Devant l’église, la municipalité avait installé une scène où des arabes déguisés en Père Noël semblaient animer une grande tombola. Un syncrétisme tout à fait hilarant si, penché sur l’Histoire, on imagine combien Jérusalem a inventé le syncrétisme. Que le Père Noël Coca-Cola illumine une soirée d’hiver en Palestine, au milieu de musulmans amusés et de chrétiens dévots, à l’ombre d’une plaque mentionnant Cette place a été restaurée grâce à des fonds américains et entre deux postes de police, c’était le moderne en grand, en beau, en divin. Un échec miraculeux des a priori.

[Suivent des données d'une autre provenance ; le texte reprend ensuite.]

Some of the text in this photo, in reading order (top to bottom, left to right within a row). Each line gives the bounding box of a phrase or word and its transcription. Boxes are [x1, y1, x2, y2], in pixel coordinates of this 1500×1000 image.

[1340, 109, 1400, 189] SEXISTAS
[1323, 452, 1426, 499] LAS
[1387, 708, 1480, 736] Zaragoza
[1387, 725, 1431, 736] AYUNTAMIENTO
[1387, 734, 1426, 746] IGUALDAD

Pourtant, je m’attache à la voix de Sufjan Stevens pour essayer, malgré l’évidence d’une splendide défaite, de remettre Noël à sa place. Je l’écoute comme on en viendrait à remonter une boîte à musique jouant O Holy Night. Je n’entends alors pas que sur les cents chansons qu’il a publié sur Noël, la plupart invite à percer ce qui fait écran à la nuit pleine de l’hiver. Sans le savoir, je fais un sacré contre-sens en tentant de faire de lui le dernier lien qu’il me reste à un Noël dégoulinant de pureté.

Chez lui, à Noël, nous sommes tantôt traversés par l’inquiétude de ne pas être à la hauteur du rendez-vous, tantôt envahi par la dépression hivernale, Sister Winter, tantôt tenté de démystifier une hystérie américaine, Christmas Unicorn, mais jamais chez Sufjan, Noël n’est à sa place. Pas plus que dans nos vies. Il serait temps que je l’accepte. Bethléem, sa foule étrange, son ambiance de fête bidon, sa violence en hors-champs et l’absurdité du fétiche, fut la claque attendue. « Silent night, nothing feels right ».

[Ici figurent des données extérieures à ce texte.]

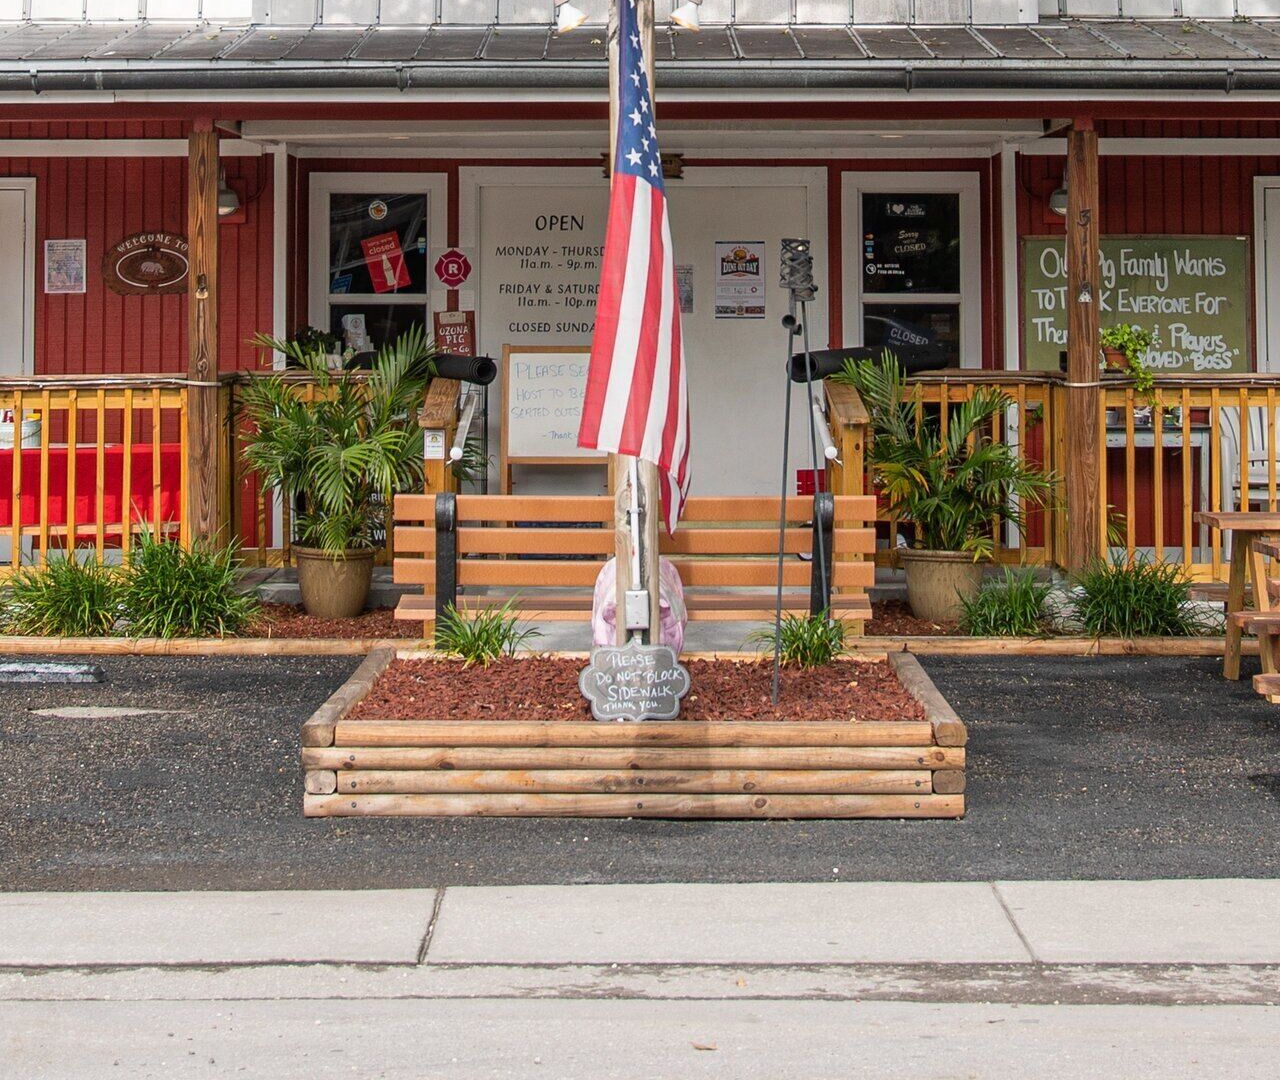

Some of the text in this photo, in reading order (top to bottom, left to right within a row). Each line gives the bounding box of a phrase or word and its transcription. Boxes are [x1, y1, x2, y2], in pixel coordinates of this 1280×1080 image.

[535, 215, 584, 231] OPEN
[117, 233, 189, 253] WELCOME TO
[369, 242, 395, 255] closed
[894, 243, 926, 253] CLOSED
[495, 246, 549, 257] MONDAY
[448, 263, 458, 274] R
[520, 259, 553, 269] 11a.m.
[567, 259, 598, 271] 9p.m.
[1120, 248, 1169, 292] Family
[1173, 248, 1227, 277] Wants
[499, 283, 541, 294] FRIDAY
[545, 284, 552, 294] &
[518, 296, 551, 307] 11a.m.
[1118, 288, 1192, 315] EVERYONE
[439, 325, 469, 336] OZONA
[508, 322, 551, 333] CLOSED
[446, 335, 465, 344] PIG
[890, 328, 929, 345] CLOSED
[1168, 322, 1227, 354] Prayers
[515, 362, 564, 380] PLEASE
[516, 388, 545, 402] HOST
[548, 388, 563, 399] TO
[510, 406, 551, 419] SEATED
[548, 430, 574, 440] Thank
[606, 652, 656, 668] PLEASE
[616, 670, 641, 682] NOT
[642, 669, 683, 684] BLOCK
[603, 701, 636, 712] THANK

Toujours, la distance à l’idéal — qu’il soit innocemment chrétien ou commercialement réinventé — est à son plus fort le soir de Noël. Et si, comme moi, on croit que se rendre à Bethléem ce soir-là est une lumineuse invention pour remettre les choses dans l’ordre, pour renouer ce qui s’est brisé avec les parents, avec la Foi, avec les mystères oints des nuits de décembre, pour lier le lieu avec le divin, alors, hiver après hiver, le 24 décembre est une putain de défaite toujours recommencée. À Bethléem comme ailleurs.

Le bus redémarre. On remonte vers Jérusalem. Ma mère m’a laissé un paquet de biscuits au sésame pour dîner. Plus rien ne fait écran. Balayée ma jeunesse qui bourgeonnait de conneries et de guirlandes lumineuses, perdue l’appétit pour le foie gras et le lait de poule, demeure une humilité, le sentiment d’une absence. Demeure Noël.

Après avoir produit 100 reprises et chansons pour Noël, Sufjan ne saurait me contredire lui qui consacra sa pénultième chanson de Noël à faire revenir, dans un déluge de kitsch, de bips et de marrons glacés, Love Will Tears Us Apart.  Pensez-y quand, au 25, vous vous réveillerez loin de vos parents, loin de ceux que vous aimez, loin de vos enfants et de vos amis les plus chers — quand bien même ils seront tout à côté de vous.

Joyeux Noël.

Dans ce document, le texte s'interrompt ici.